*Your instructions*.
A faithful copy is required. Print each line of the data exactly and omit the pictures.

*Working data*.
▼

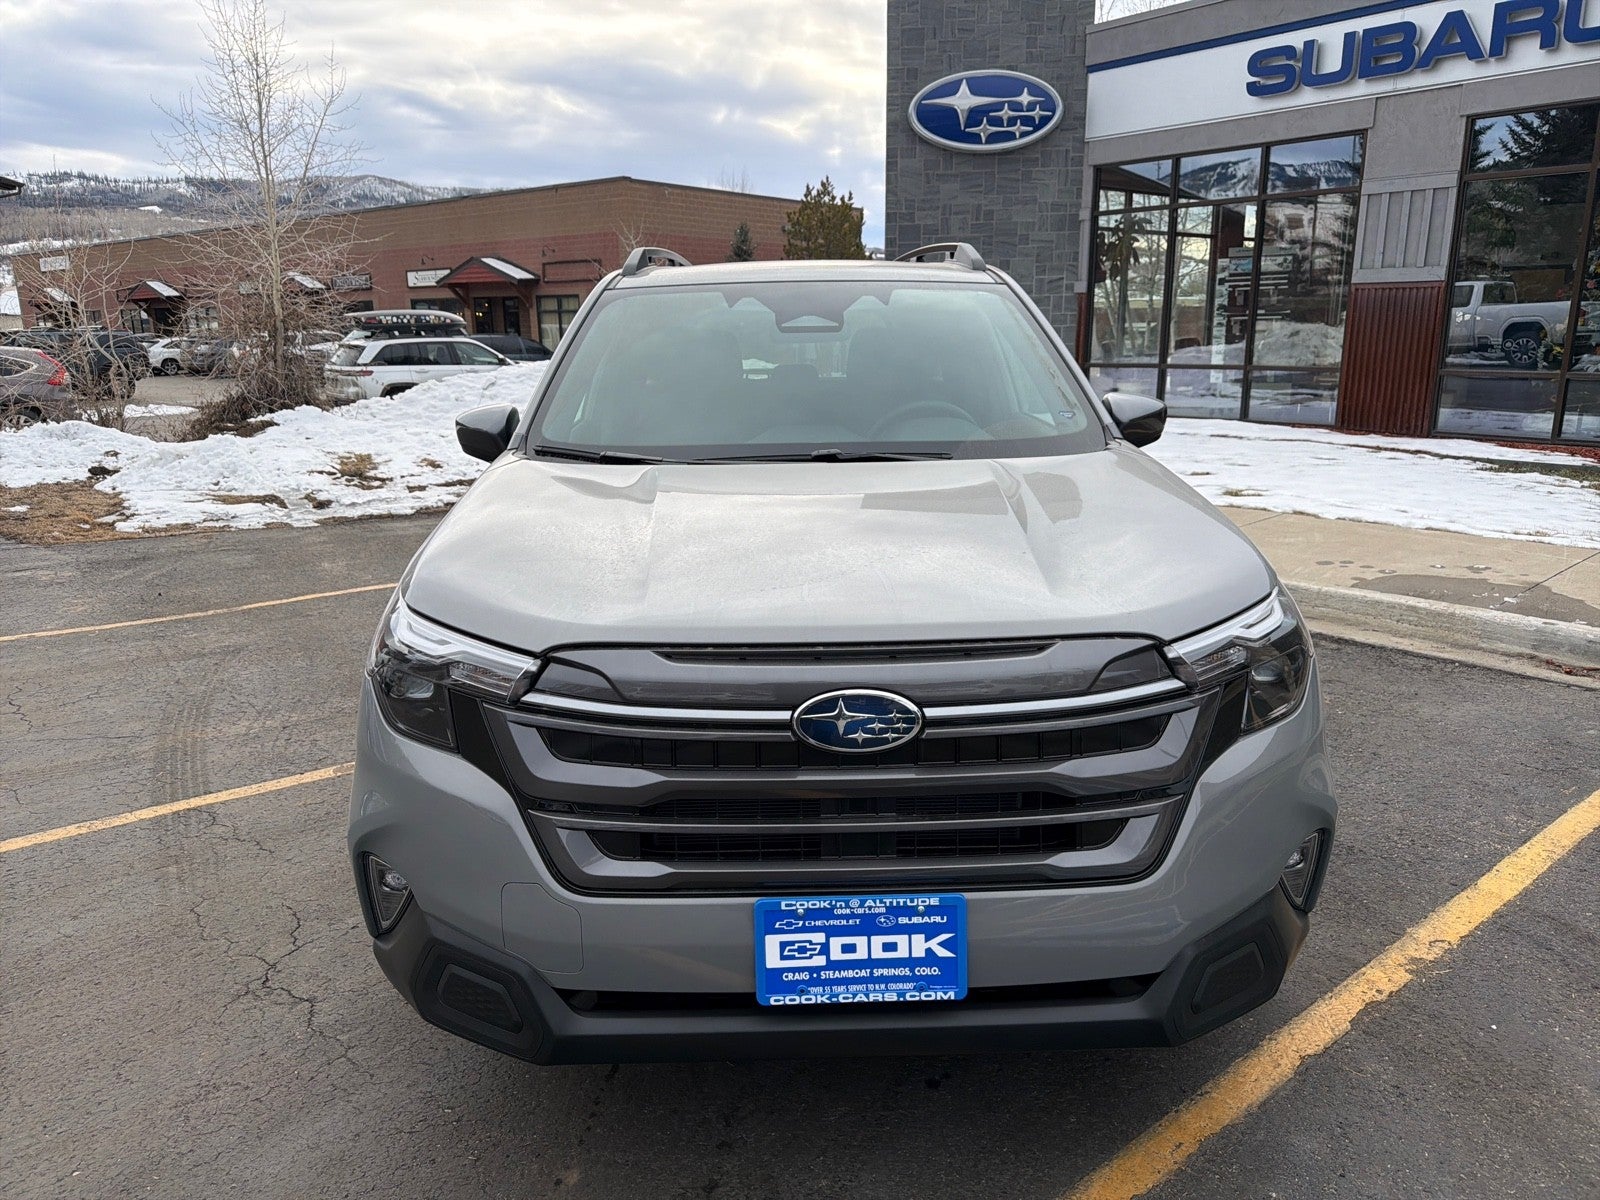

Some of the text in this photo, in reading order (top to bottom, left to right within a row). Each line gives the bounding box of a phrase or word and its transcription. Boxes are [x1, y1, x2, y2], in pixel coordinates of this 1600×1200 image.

[849, 898, 860, 908] @
[863, 897, 940, 907] ALTITUDE
[833, 907, 887, 915] cook-cars.com
[805, 919, 861, 927] CHEVROLET
[897, 915, 947, 924] SUBARU
[765, 932, 957, 969] COOK
[782, 966, 942, 981] CRAIG STEAMBOAT SPRINGS, COLO.
[824, 986, 831, 994] 55
[832, 985, 847, 993] YEARS
[847, 984, 867, 992] SERVICE
[868, 983, 874, 992] TO
[875, 983, 887, 991] N.W.
[769, 990, 956, 1006] COOK-CARS.COM
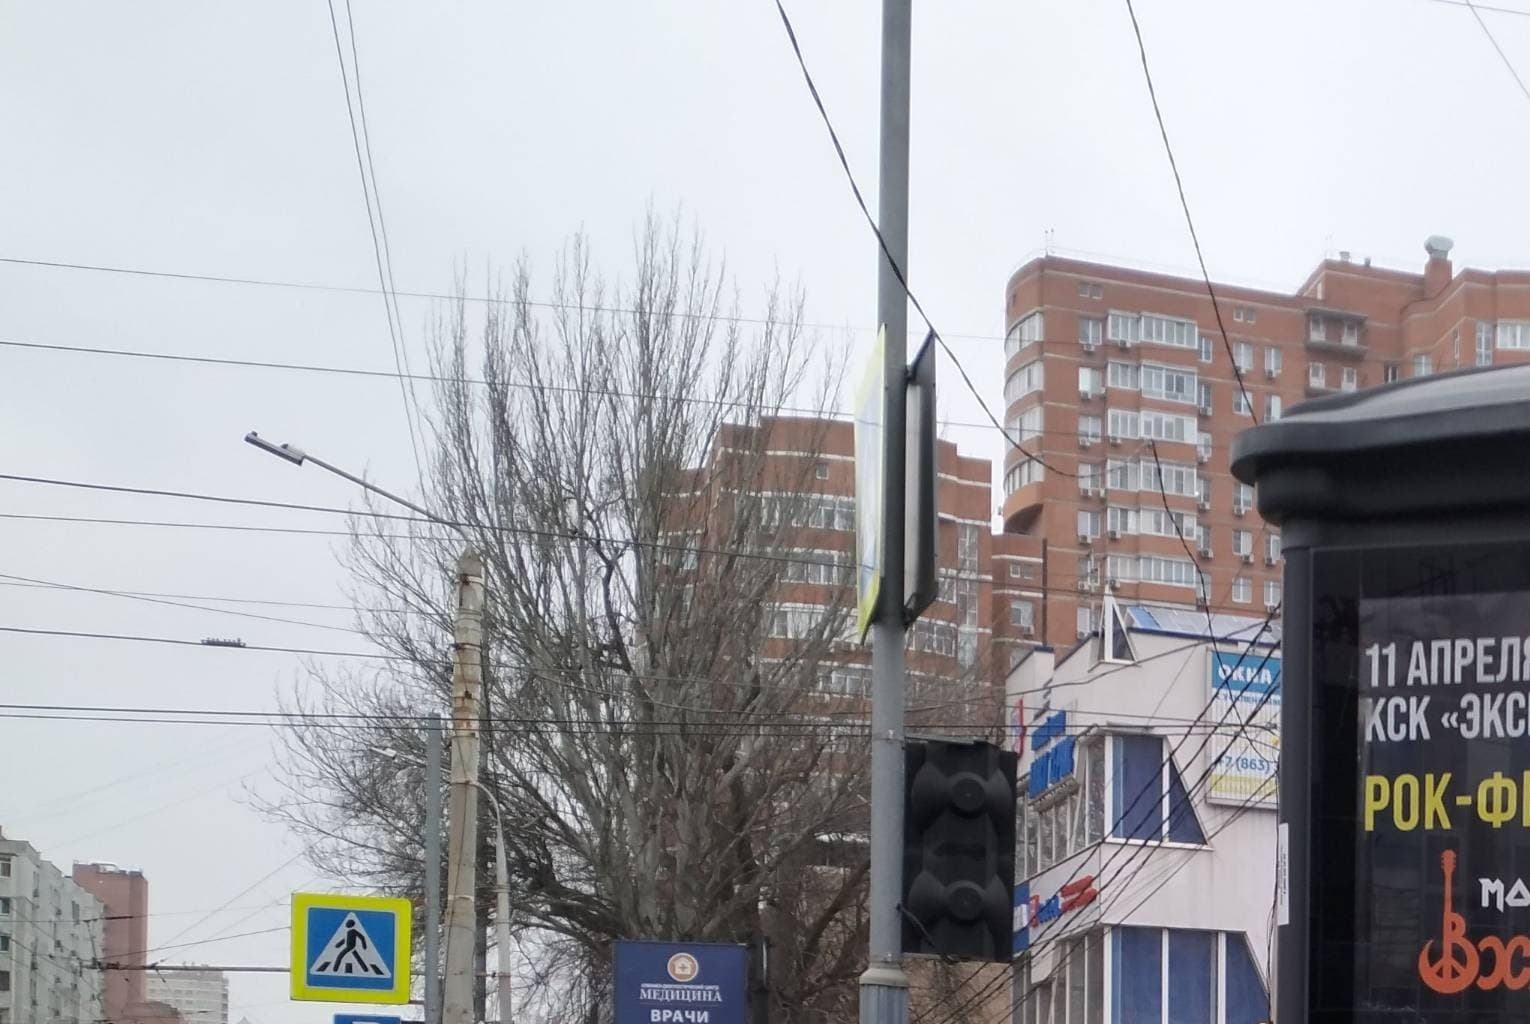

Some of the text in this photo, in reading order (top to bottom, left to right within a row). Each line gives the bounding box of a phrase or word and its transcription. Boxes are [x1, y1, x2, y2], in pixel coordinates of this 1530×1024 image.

[1365, 641, 1397, 687] 11
[1218, 664, 1272, 685] ОКНА
[1364, 696, 1431, 742] КСК
[1236, 757, 1271, 774] (863)
[640, 989, 722, 1002] МЕДИЦИНА
[650, 1009, 709, 1023] ВРАЧИ
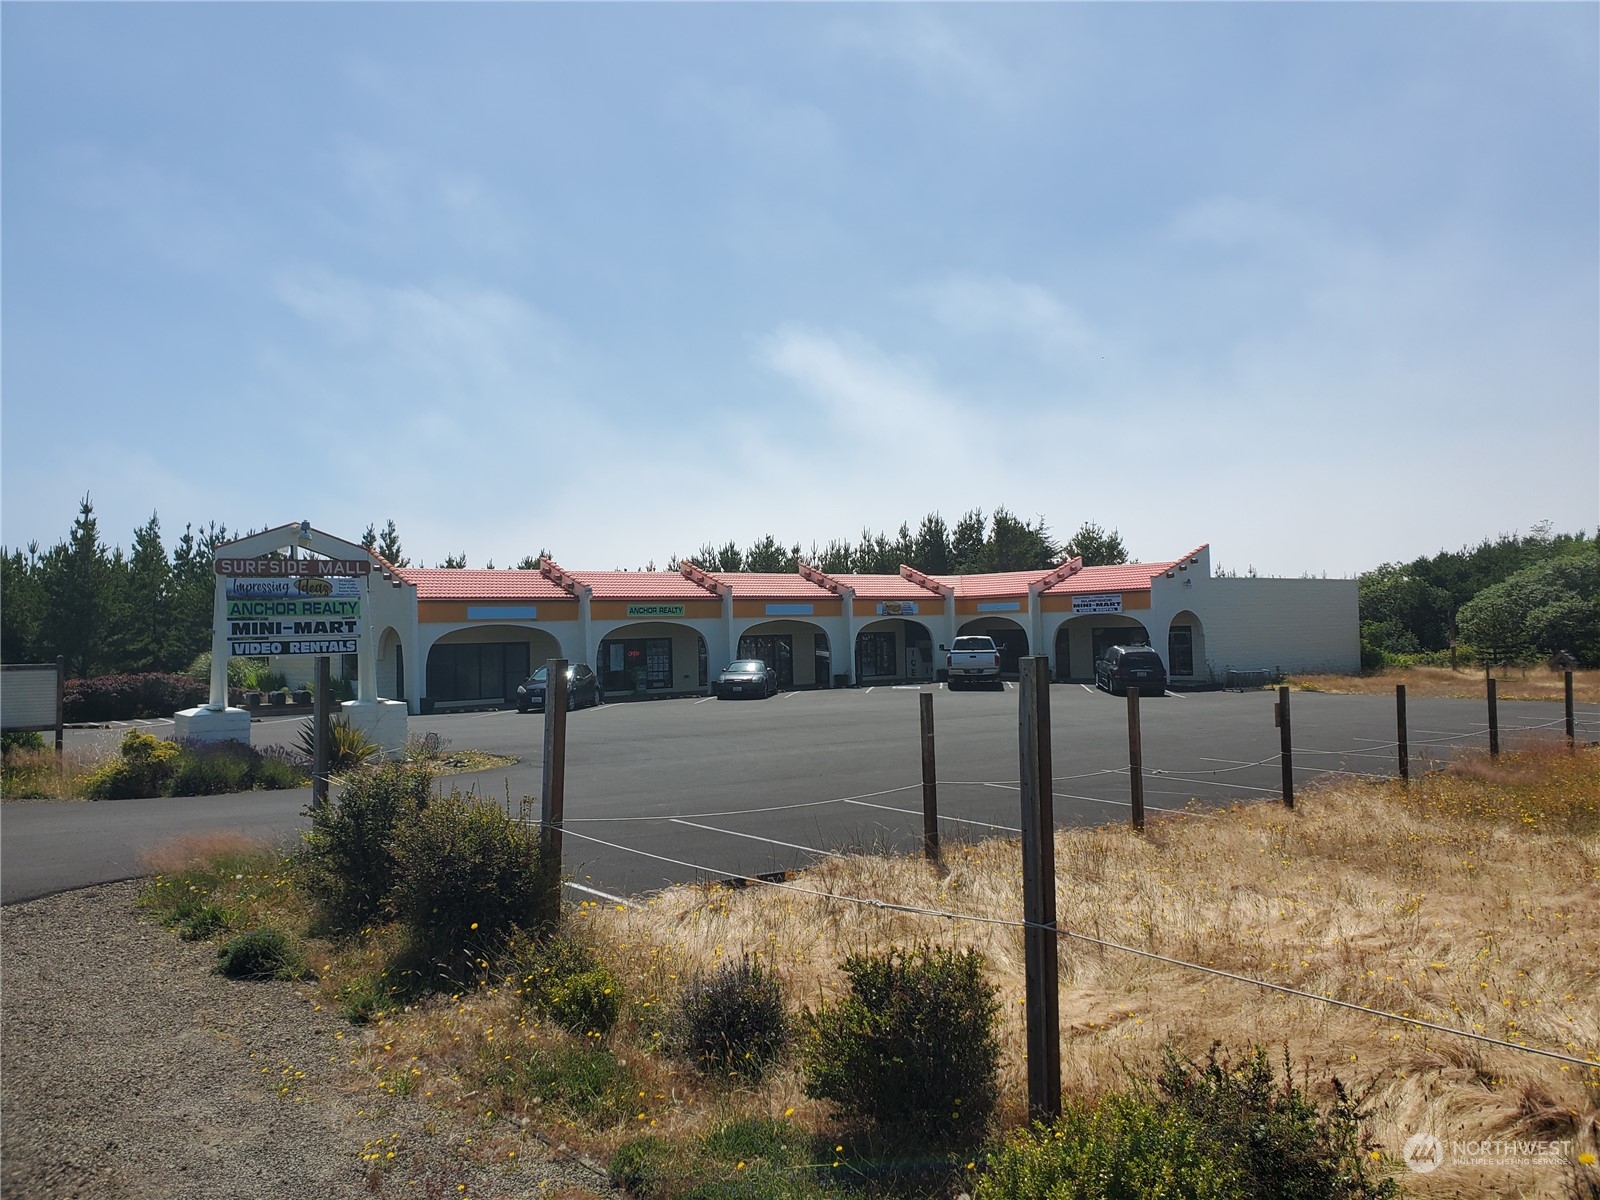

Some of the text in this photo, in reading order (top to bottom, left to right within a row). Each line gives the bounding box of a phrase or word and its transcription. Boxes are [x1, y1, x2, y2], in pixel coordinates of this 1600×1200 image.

[221, 561, 366, 574] SURFSIDE MALL
[233, 579, 291, 596] Impressing
[295, 580, 333, 596] Ideas
[230, 601, 358, 616] ANCHOR REALTY
[659, 606, 683, 614] REALTY
[231, 621, 357, 635] MINI-MART
[234, 641, 356, 655] VIDEO RENTALS

▲

*Completed exercise*.
Some of the text in this photo, in reading order (top to bottom, left to right within a row). Each line gives the bounding box of a phrase or word and its transcription. Boxes are [x1, y1, x2, y2], in pixel coordinates of this 1600×1200 image.

[849, 898, 860, 908] @
[863, 897, 940, 907] ALTITUDE
[833, 907, 887, 915] cook-cars.com
[805, 919, 861, 927] CHEVROLET
[897, 915, 947, 924] SUBARU
[765, 932, 957, 969] COOK
[782, 966, 942, 981] CRAIG STEAMBOAT SPRINGS, COLO.
[824, 986, 831, 994] 55
[832, 985, 847, 993] YEARS
[847, 984, 867, 992] SERVICE
[868, 983, 874, 992] TO
[875, 983, 887, 991] N.W.
[769, 990, 956, 1006] COOK-CARS.COM

Some of the text in this photo, in reading order (top to bottom, left to right within a row). Each line gives the bounding box of a phrase or word and its transcription. Boxes are [x1, y1, x2, y2], in pixel coordinates of this 1530×1024 image.

[1365, 641, 1397, 687] 11
[1218, 664, 1272, 685] ОКНА
[1364, 696, 1431, 742] КСК
[1236, 757, 1271, 774] (863)
[640, 989, 722, 1002] МЕДИЦИНА
[650, 1009, 709, 1023] ВРАЧИ

Some of the text in this photo, in reading order (top to bottom, left to right within a row). Each line gives the bounding box of a phrase or word and its transcription. Boxes are [x1, y1, x2, y2], in pixel coordinates of this 1600×1200 image.

[221, 561, 366, 574] SURFSIDE MALL
[233, 579, 291, 596] Impressing
[295, 580, 333, 596] Ideas
[230, 601, 358, 616] ANCHOR REALTY
[659, 606, 683, 614] REALTY
[231, 621, 357, 635] MINI-MART
[234, 641, 356, 655] VIDEO RENTALS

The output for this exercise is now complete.